Give the entries again, word for word.

START MATERIAL PROVIDED

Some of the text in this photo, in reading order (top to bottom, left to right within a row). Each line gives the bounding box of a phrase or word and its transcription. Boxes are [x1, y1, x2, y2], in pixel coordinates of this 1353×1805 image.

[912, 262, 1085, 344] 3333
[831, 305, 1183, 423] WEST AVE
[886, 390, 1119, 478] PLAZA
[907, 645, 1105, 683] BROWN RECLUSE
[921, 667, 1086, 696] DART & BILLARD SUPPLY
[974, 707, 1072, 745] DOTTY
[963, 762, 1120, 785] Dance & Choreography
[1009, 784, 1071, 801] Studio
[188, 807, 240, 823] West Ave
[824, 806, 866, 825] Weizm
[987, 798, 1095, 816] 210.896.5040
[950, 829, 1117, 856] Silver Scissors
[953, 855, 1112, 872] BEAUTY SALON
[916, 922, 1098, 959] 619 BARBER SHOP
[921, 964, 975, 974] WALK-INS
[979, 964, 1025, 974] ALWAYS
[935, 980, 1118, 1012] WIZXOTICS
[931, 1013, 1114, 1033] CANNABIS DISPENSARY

END MATERIAL PROVIDED

> [YOUR SOLUTION]
Some of the text in this photo, in reading order (top to bottom, left to right within a row). Each line gives the bounding box of a phrase or word and its transcription. Boxes are [x1, y1, x2, y2], in pixel coordinates of this 1353×1805 image.

[912, 262, 1085, 344] 3333
[831, 305, 1183, 423] WEST AVE
[886, 390, 1119, 478] PLAZA
[907, 645, 1105, 683] BROWN RECLUSE
[921, 667, 1086, 696] DART & BILLARD SUPPLY
[974, 707, 1072, 745] DOTTY
[963, 762, 1120, 785] Dance & Choreography
[1009, 784, 1071, 801] Studio
[188, 807, 240, 823] West Ave
[824, 806, 866, 825] Weizm
[987, 798, 1095, 816] 210.896.5040
[950, 829, 1117, 856] Silver Scissors
[953, 855, 1112, 872] BEAUTY SALON
[916, 922, 1098, 959] 619 BARBER SHOP
[921, 964, 975, 974] WALK-INS
[979, 964, 1025, 974] ALWAYS
[935, 980, 1118, 1012] WIZXOTICS
[931, 1013, 1114, 1033] CANNABIS DISPENSARY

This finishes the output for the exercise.